Segment Start: INPUT MATERIAL

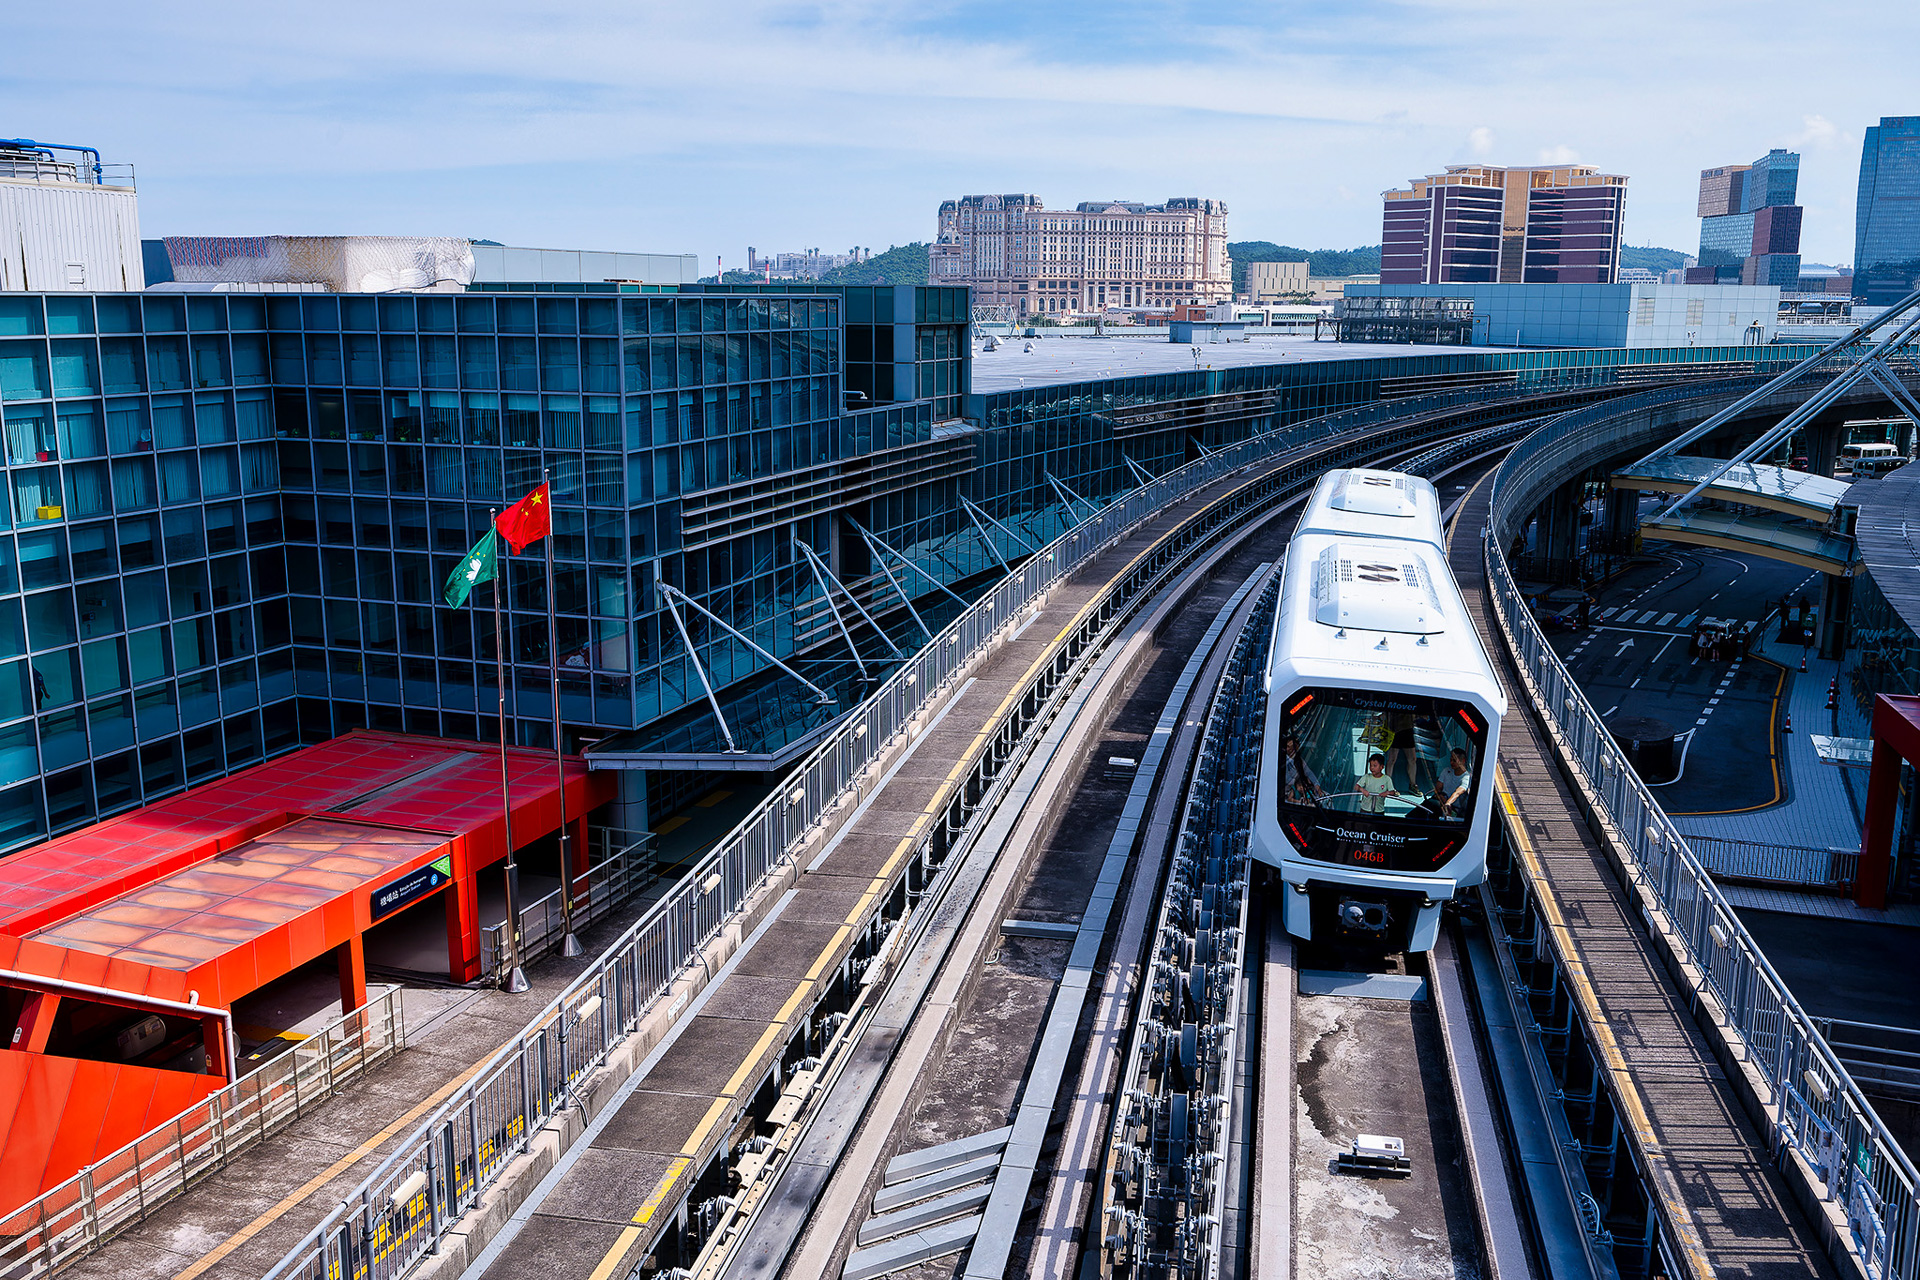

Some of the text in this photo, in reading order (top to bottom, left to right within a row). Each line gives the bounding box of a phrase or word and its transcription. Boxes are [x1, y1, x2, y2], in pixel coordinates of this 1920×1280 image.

[1354, 697, 1417, 711] Crystal Mover
[1336, 827, 1366, 839] Ocean
[1369, 831, 1406, 843] Cruiser
[1354, 849, 1384, 863] 046B
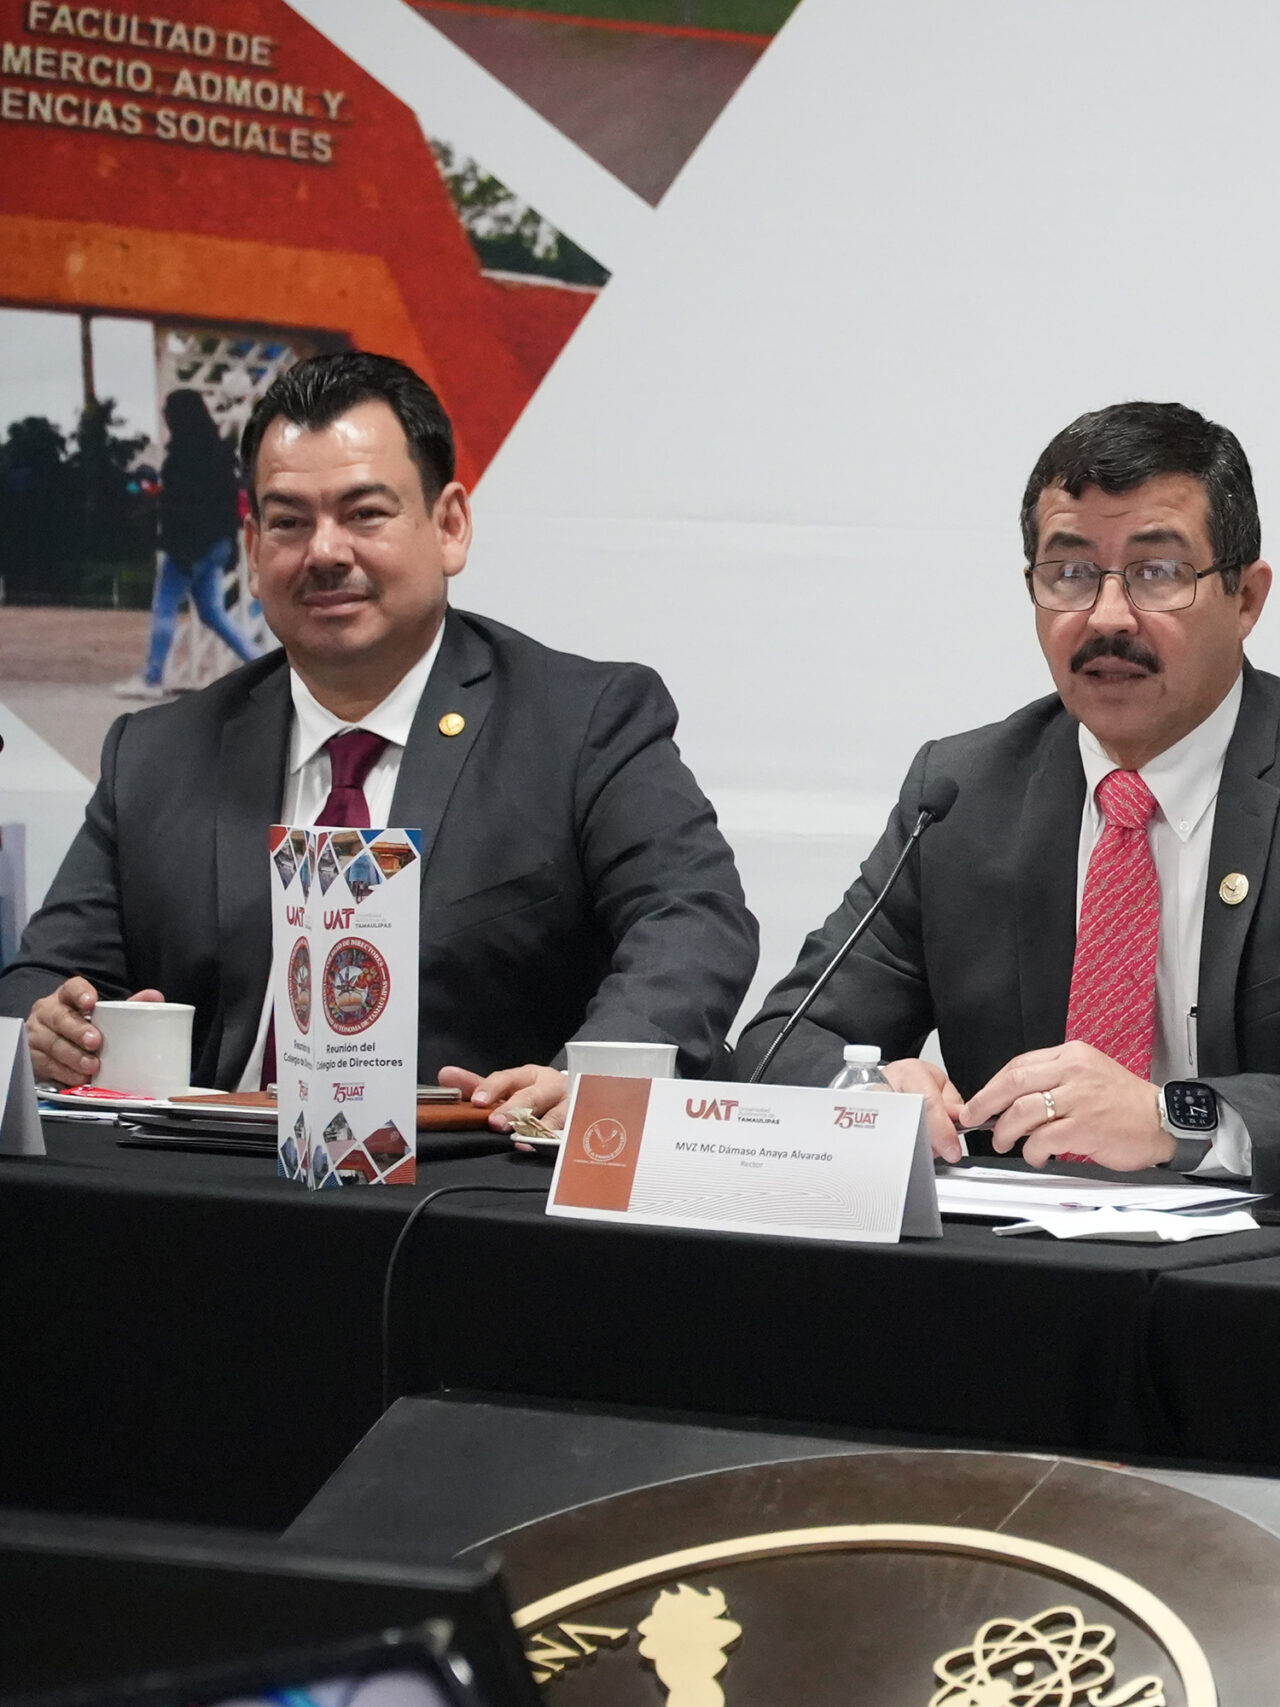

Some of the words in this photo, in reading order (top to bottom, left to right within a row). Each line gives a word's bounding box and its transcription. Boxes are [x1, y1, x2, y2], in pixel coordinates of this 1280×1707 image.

Segment End: INPUT MATERIAL

WHAT YOU HAVE TO DO: The entries above are to be repeated in full, except for their pictures.

SOLVED EXERCISE:
Some of the text in this photo, in reading order (top to bottom, left to right within a row). Each line gives the bounding box of a phrase or word and its transcription. Boxes are [x1, y1, x2, y2], in pixel coordinates of this 1920×1280 image.

[1354, 697, 1417, 711] Crystal Mover
[1336, 827, 1366, 839] Ocean
[1369, 831, 1406, 843] Cruiser
[1354, 849, 1384, 863] 046B

Some of the words in this photo, in reading order (top to bottom, left to right within a row). Each line gives a word's bounding box and its transcription. Boxes are [x1, y1, x2, y2], in pixel coordinates of this 1280×1707 image.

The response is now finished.